[Phrase grounding data]

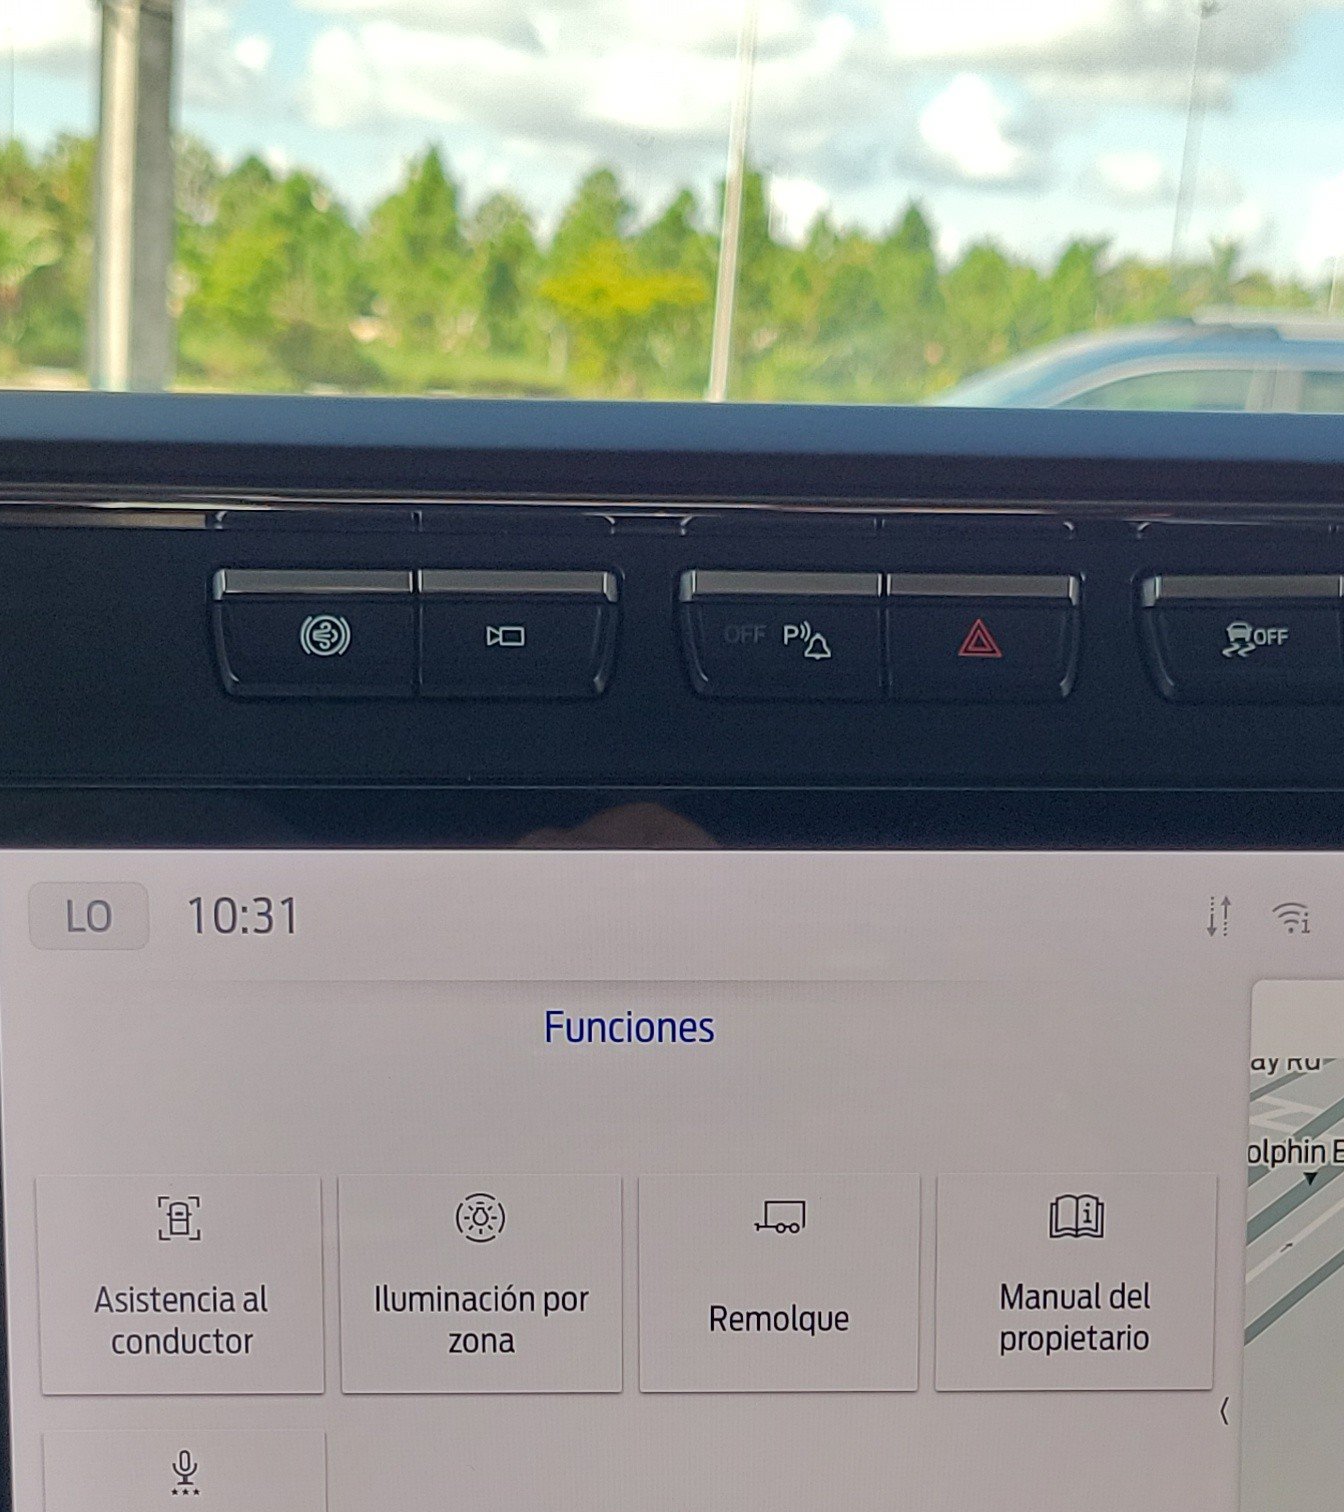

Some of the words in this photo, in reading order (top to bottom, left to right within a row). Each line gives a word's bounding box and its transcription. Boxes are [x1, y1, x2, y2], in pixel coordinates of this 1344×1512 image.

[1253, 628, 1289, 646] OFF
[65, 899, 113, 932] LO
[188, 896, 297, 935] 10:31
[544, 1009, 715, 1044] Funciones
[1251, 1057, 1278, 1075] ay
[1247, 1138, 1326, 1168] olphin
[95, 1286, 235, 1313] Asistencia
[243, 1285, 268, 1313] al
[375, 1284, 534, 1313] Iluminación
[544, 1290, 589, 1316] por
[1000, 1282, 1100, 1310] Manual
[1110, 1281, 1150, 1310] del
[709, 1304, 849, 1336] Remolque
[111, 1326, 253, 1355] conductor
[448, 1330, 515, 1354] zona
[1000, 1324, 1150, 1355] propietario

### TASK INSTRUCTIONS:
The entries need to be restated exactly, and their pictures left out.

### TASK RESULT:
Some of the words in this photo, in reading order (top to bottom, left to right within a row). Each line gives a word's bounding box and its transcription. Boxes are [x1, y1, x2, y2], in pixel coordinates of this 1344×1512 image.

[1253, 628, 1289, 646] OFF
[65, 899, 113, 932] LO
[188, 896, 297, 935] 10:31
[544, 1009, 715, 1044] Funciones
[1251, 1057, 1278, 1075] ay
[1247, 1138, 1326, 1168] olphin
[95, 1286, 235, 1313] Asistencia
[243, 1285, 268, 1313] al
[375, 1284, 534, 1313] Iluminación
[544, 1290, 589, 1316] por
[1000, 1282, 1100, 1310] Manual
[1110, 1281, 1150, 1310] del
[709, 1304, 849, 1336] Remolque
[111, 1326, 253, 1355] conductor
[448, 1330, 515, 1354] zona
[1000, 1324, 1150, 1355] propietario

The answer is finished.